== Task data ==
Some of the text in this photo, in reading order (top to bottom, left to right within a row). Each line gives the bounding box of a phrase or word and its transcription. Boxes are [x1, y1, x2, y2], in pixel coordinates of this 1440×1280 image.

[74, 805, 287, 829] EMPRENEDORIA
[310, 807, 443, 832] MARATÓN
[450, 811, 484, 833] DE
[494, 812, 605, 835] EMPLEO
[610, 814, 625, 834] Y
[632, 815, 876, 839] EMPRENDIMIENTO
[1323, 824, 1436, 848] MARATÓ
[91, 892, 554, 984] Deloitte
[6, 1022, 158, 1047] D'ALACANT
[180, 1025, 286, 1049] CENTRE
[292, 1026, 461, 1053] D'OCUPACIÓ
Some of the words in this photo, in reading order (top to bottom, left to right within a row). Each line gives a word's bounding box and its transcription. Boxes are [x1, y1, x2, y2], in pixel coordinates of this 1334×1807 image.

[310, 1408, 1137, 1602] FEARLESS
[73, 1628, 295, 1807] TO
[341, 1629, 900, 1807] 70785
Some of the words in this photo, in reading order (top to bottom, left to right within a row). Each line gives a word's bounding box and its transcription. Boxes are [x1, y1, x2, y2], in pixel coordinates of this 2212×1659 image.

== What needs to be done ==
Every record must be repeated precisely and in full.

== Exercise result ==
Some of the text in this photo, in reading order (top to bottom, left to right within a row). Each line gives the bounding box of a phrase or word and its transcription. Boxes are [x1, y1, x2, y2], in pixel coordinates of this 1440×1280 image.

[74, 805, 287, 829] EMPRENEDORIA
[310, 807, 443, 832] MARATÓN
[450, 811, 484, 833] DE
[494, 812, 605, 835] EMPLEO
[610, 814, 625, 834] Y
[632, 815, 876, 839] EMPRENDIMIENTO
[1323, 824, 1436, 848] MARATÓ
[91, 892, 554, 984] Deloitte
[6, 1022, 158, 1047] D'ALACANT
[180, 1025, 286, 1049] CENTRE
[292, 1026, 461, 1053] D'OCUPACIÓ
Some of the words in this photo, in reading order (top to bottom, left to right within a row). Each line gives a word's bounding box and its transcription. Boxes are [x1, y1, x2, y2], in pixel coordinates of this 1334×1807 image.

[310, 1408, 1137, 1602] FEARLESS
[73, 1628, 295, 1807] TO
[341, 1629, 900, 1807] 70785
Some of the words in this photo, in reading order (top to bottom, left to right within a row). Each line gives a word's bounding box and its transcription. Boxes are [x1, y1, x2, y2], in pixel coordinates of this 2212×1659 image.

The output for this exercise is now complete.